A Husband’s Karma

He arrived at his house in the evening. He saw the candlelight coming through the window: “There is no doubt that they still should be here! Where else can they go?” He tapped the gate with his hand heavily and called: “ Open the door! I am back!” Later he saw the light draw closer to the gate, and it was opened. He saw his wife’s face appear in the flittering candlelight. 

She seemed unsurprised to see him. He was curious: “Don’t you want to see me? How is my mother?” Before he got the answers, he entered the gate. The yard was darkened by the night, but the room was visible: A hand-operated wood loom was standing at the corner, some fabric was on it, half-finished. Everything still looked the same as it had ten years ago when he left; he felt relieved. He turned to his wife and asked: “Where’s mother?” Her face saddened: “Our mother died five years ago. I buried her in this yard.” He scolded her: “Why didn’t you take good care of my mother?” The wife placed the candle on a small square table, she answered slowly: “You left us without a penny at home. Mother was sick then and you knew it. Since you left, I have had to weave fabric day and night to trade for some food. I barely could feed our mother and myself. She died half from starvation and half from illness. She missed you very much, but we received no word from you. She died with her eyes open.” 

He felt sorry to hear that. He took off his outer jacket and sat down on a floor cushion.” You can’t bury my mother in the yard, it is indecent. We will have to bury her somewhere else. But right now, I am very hungry after having walked a long distance. Go to get some hot tea and prepare some food for me!” The wife left obediently. 

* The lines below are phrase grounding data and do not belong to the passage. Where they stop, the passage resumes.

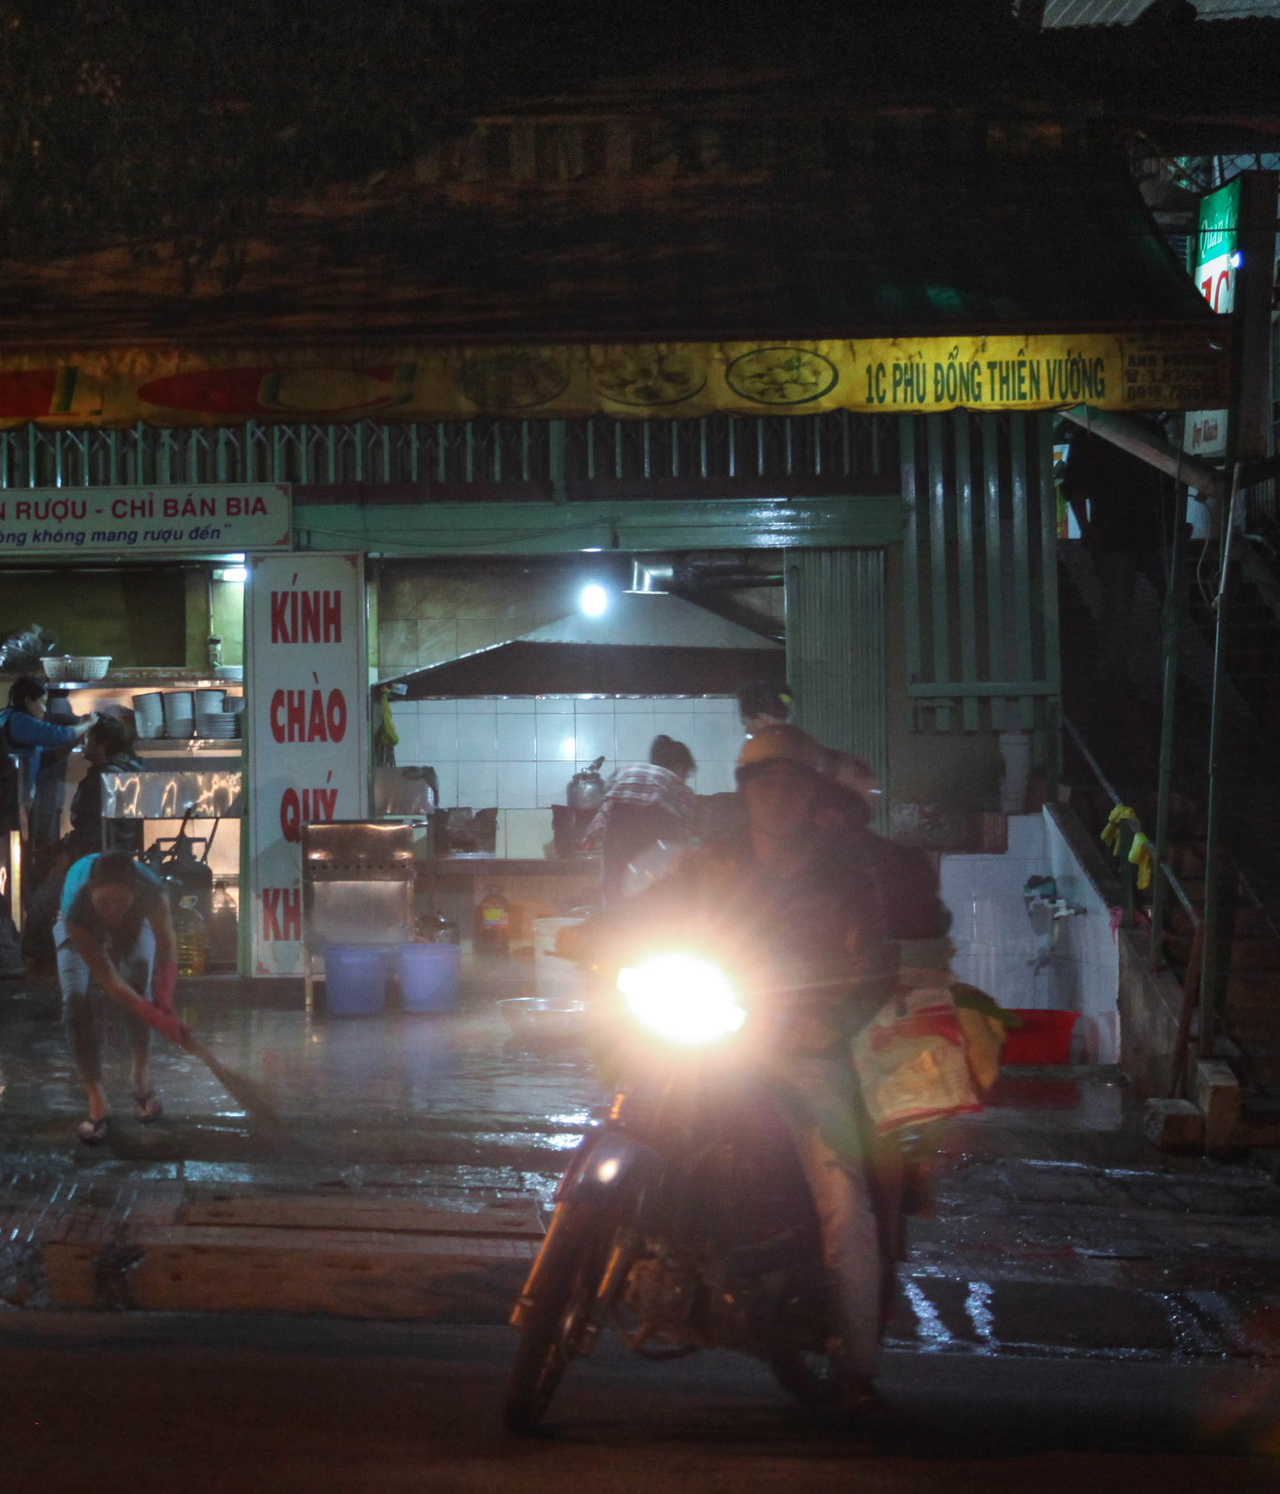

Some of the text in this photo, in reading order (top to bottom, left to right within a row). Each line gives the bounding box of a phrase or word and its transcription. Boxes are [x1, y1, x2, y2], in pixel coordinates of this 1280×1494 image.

[865, 345, 1106, 404] 1C PHÙ ĐỔNG THIÊN VƯƠNG
[16, 498, 87, 523] RƯỢU
[111, 492, 154, 519] CHỈ
[163, 493, 217, 518] BÁN
[226, 496, 268, 516] BIA
[32, 524, 86, 545] không
[91, 529, 138, 545] mang
[144, 528, 184, 543] rượu
[270, 573, 343, 644] KÍNH
[269, 672, 348, 744] CHÀO

His tea and dinner soon were brought in silently, and even included one bottle of wine. He was overjoyed: “Wow, I haven’t drunk your home-made wine for ten years! And the food isn’t that terrible either. You just have complained that my mother was starved to death, so where did this food come from?” The wife started to weep. He didn’t care at all and ate heartily. The wine had been stored for quite a long time, and he felt tipsy. He examined his weeping wife: She was wearing the same dark plain gown as she used to wear at home ten years ago, but its color had faded a lot since; her hair became thinner and she looked much older. He talked to her: “Remove your sleeves, let your husband take a good look at you. Why, you look so haggard and worn! I happened to pass the town today and I thought it mightn’t be a bad idea to come to see you. Can’t you be more cheerful?” After saying this, he laughed arrogantly: “Do you know that I am a rich man now? I have never dreamt that one day I could be such a man: Tons of money, power. By the way, I have remarried, and she is a real beauty. Yes, I could have come here five years ago then my mother mightn’t die, however I didn’t want people to know my real family. You can follow me as a maid if you want a better life, however, you mustn't let people know that you were my wife! And you must treat my current wife as your master!” 

The wife stopped her weeping. She stared at her husband the way one would look at a stranger: “How could you do that! Even though I am a poor woman, I am the wife your parents chose for you; I am your legal first wife; only I will be acknowledged by our ancestors! You abandoned your ill mother and your wife, you let us struggle and die! How many nights I waited in the dark and wished you could come back, but you failed me every time. All the disappointments grew along with the weeds and gradually they have transformed into hatred that nobody could uproot. I buried our mother in the yard because I want her see you come back one day!” He shrugged his shoulders: “Ok, whatever you think. Tomorrow I will leave here, and we won’t see each other anymore. I am tired, you must serve me to sleep!” He pushed away the table and kicked off his shoes. The candle was blown out. His wife was left in the dark, motionless.

He woke up in the early morning. Through the window he could see the blue sky. The window paper was broken and flapping in the breeze! He sat up immediately. The house had completely changed from what he had seen last night: The roof was ruined, a large spider web occupied the corner; moss crawled allover a broken loom, where the fabric was covered with thick dust; next to him and half buried in the weeds was a skeleton. From the ragged fabric pieces that stuck to the skeleton, he recognized his wife’s gown, the exact one she was wearing last evening.  

He cried out, flung open the door and ran into the yard. He wanted to leave this place right away. But in his haste, he stumbled over something: It was a tombstone with his mother’s name on it. He was so scared that he couldn’t stand up again. He crawled in the weeds, yelled for help and used his fists to hit the wall of the yard desperately. Then the wall fell down, he was buried underneath.